AK Partili Meclis Üyesi Erhan Çalışkan ise, “Sapla saman karışıyor. Bir yönerge çıkaracaksanız yönerge çıkarmak için meclis kararı istemezsiniz. Yönergeyi hazırlarsınız meclise getirirsiniz meclis yönergeyi onaylar geçer. Son derece basit bir kuraldır. Şimdi plan bütçe komisyonu ücret artışına gidiyorsunuz. Zarar ediyoruz dediler. Bizde sorduk neden zarar ettiğinizin verilerini istiyorum dedim. Kendisine yazdım, el yazımla ve gelen ilgili daire başkanına verdim, henüz cevap gelmedi. Dedim ki yıllık ne kadar moloz dökülüyor, zarar tutarı ne kadardır, yıllık gider, gelir ne kadardır. Bir şey istiyorsanız dersiniz ki bu kadar zarar ediyoruz. Hep aynı şekilde sapla saman. Sorduğumuz soru çok basitti. Veriyi getirirsiniz bizde bilgiyle doğru kararları veririz. Ama siz hep açık çek verin evet ya da hayır verip geçelim diye geliyorsunuz. Bu verileri vermezseniz biz nasıl söyleyeceğiz. Bu sorunu gerçekten çözmek istiyorsanız doğru bir adımdır. Ama zam yapmak doğru bir adım mı bunu bir tartışalım. Şunu söyleyebiliriz size zaten uzak, uzak diye döken adam bunu da arttırdığınızda daha fazla mı dökecek gidip daha mı çok gidecek. Bunlarla ilgili bir ceza birliği var mı? Otuz ilçeye yazı yazdığınızda listeniz var mı oda yok. Nasıl hazırlık yapıp da bize getiriyorsunuz? Biz bunları sorduğumuz zaman başka yöne çekiliyor. Ben çok basit ve sade sorular soruyorum” ifadelerini kullandı.
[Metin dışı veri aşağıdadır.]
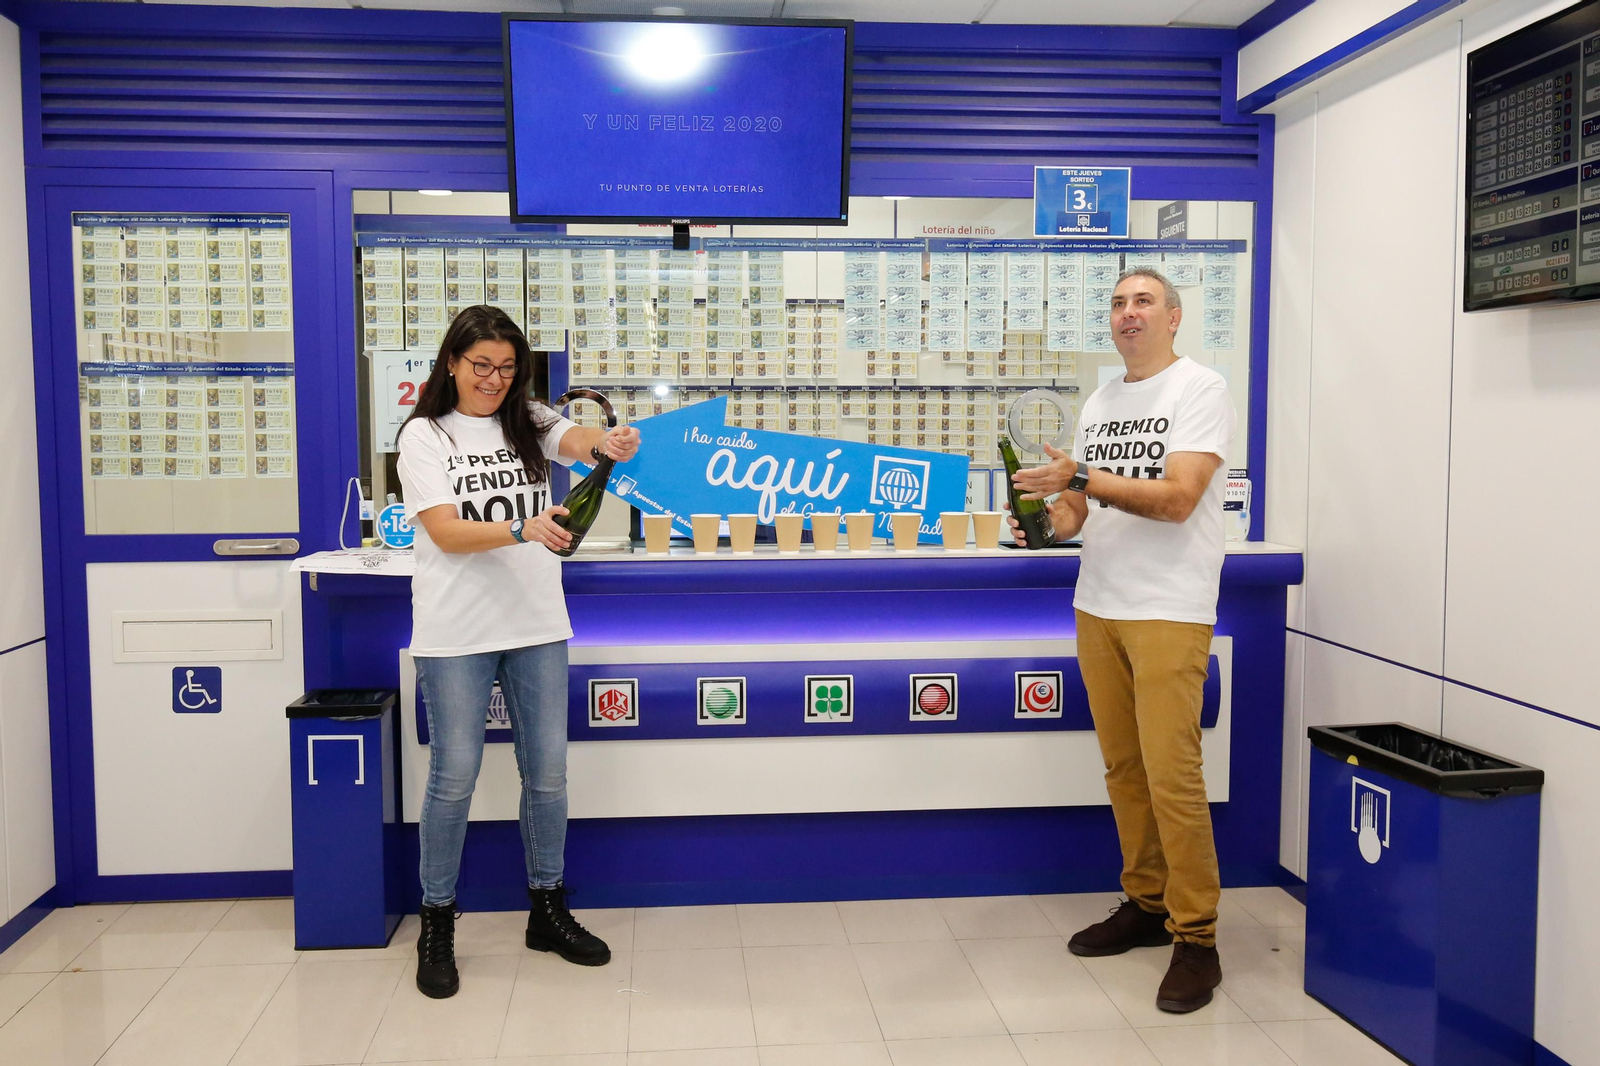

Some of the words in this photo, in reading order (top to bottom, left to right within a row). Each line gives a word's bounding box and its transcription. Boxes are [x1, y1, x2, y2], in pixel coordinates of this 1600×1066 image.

[583, 114, 598, 130] Y
[607, 114, 639, 130] UN
[649, 114, 715, 131] FELIZ
[723, 115, 783, 132] 2020
[1508, 170, 1514, 178] 11
[617, 184, 652, 192] PUNTO
[656, 184, 670, 192] DE
[674, 184, 709, 192] VENTA
[713, 184, 764, 193] LOTERÍAS
[922, 225, 955, 234] Lotería
[957, 225, 972, 234] del
[974, 226, 996, 235] niño
[1160, 220, 1185, 240] SIGUIENTE
[405, 359, 424, 372] 1er
[1096, 417, 1169, 438] PREMIO
[1083, 440, 1165, 462] ENDIDO
[706, 448, 850, 524] aquí
[632, 489, 664, 511] Apuestas
[664, 509, 676, 518] del
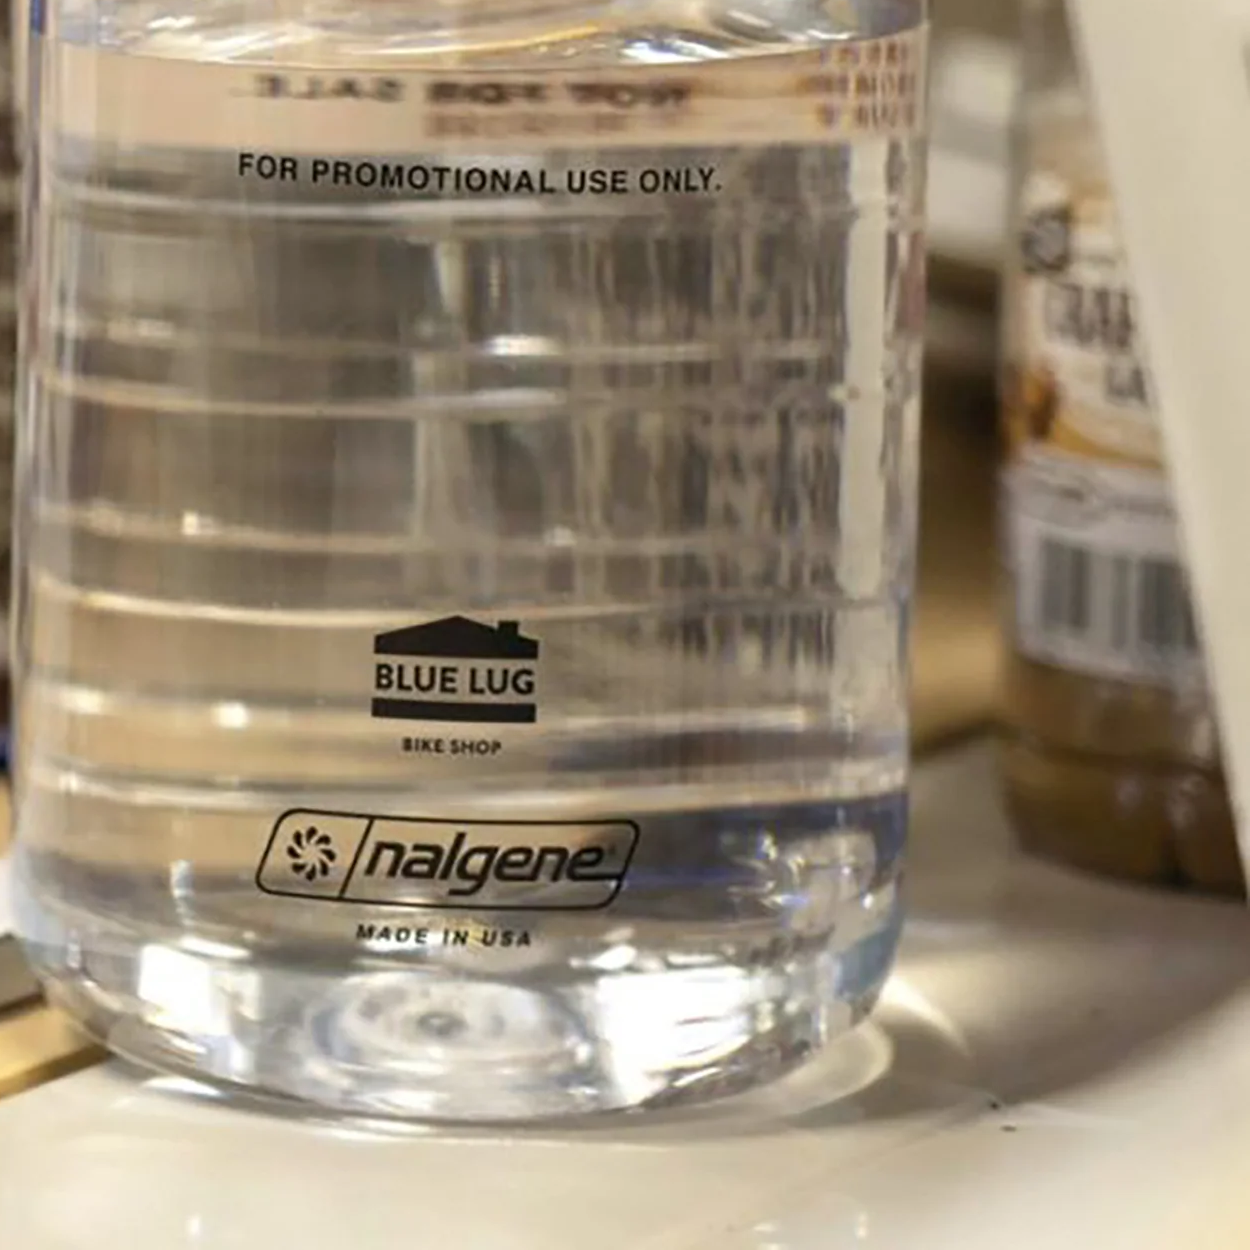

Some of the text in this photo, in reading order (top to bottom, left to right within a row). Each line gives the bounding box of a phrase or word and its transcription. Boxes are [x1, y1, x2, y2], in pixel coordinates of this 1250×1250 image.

[238, 153, 723, 195] FOR PROMOTIONAL USE ONLY.
[374, 662, 536, 696] BLUE LUG
[401, 737, 502, 756] BIKE SHOP
[363, 831, 618, 897] nalgene
[355, 923, 533, 948] MADE IN USA
ÇAĞLIN: BU İŞİN HEM EMEĞİ ÇOK HEM MASRAFI
Hafriyat ve inşaat yıkıntılarının yerel yönetimlerin en zorlandığı konu olduğunu ifade eden CHP’li Meclis Üyesi Saadet Çağlın, “Bu hafriyat atıkları ve inşaat yıkıntı atıkları tüm yerel yönetimlerin, belediyelerin yönetim konusunda en çok zorlandığı konudur. Ben AK Partili arkadaşlarımızın böyle bir sorunu çözme yönünde önerge getiren arkadaşlarımızı tebrik etmelerini beklerdim. Yani ben sorunları çok yakından yaşıyorum. Biz çok yakın zamana kadar hafriyat atıklarını Yelki’ye gönderiyorduk. Bakanlığımızdan uzun süre beklenen izin sonucunda Koyundere’de hafriyat atıkları döküm alanının lisansı alınabildi. Diğer üç alanda gördüğünüz gibi uzak noktalarda. Gördüğünüz gibi metropolde bir kentsel dönüşüm içinde. Biz hafriyat atıklarından dağlar yaptık. Bunları gönderemiyoruz. İklim Değişikliği ve sıfır atık daire başkanlığı da yeni bir örgütlenme biçimi kuruldu. Bu yetki ve sorumluluklar konusunda bizden yetki istiyor ve bu yetkinin bir an önce kendisine verilip, sorunları çözülmesi yönünde Büyükşehir belediyemizin desteğine çok ihtiyacımız var. Hafriyat atıklarımızı yerlerine gönderelim. Bu işin hem emeği çok hem masrafı. Bakanlığımız yazdığı gibi ‘kirleten öder’ kirleten kimse onun karşılığını ödemek zorunda. Biz bunun karşılığını talep etmiyoruz. Sonuçta bir kamu hizmeti görüyoruz, birlikte paylaşmak durumundayız” diye konuştu.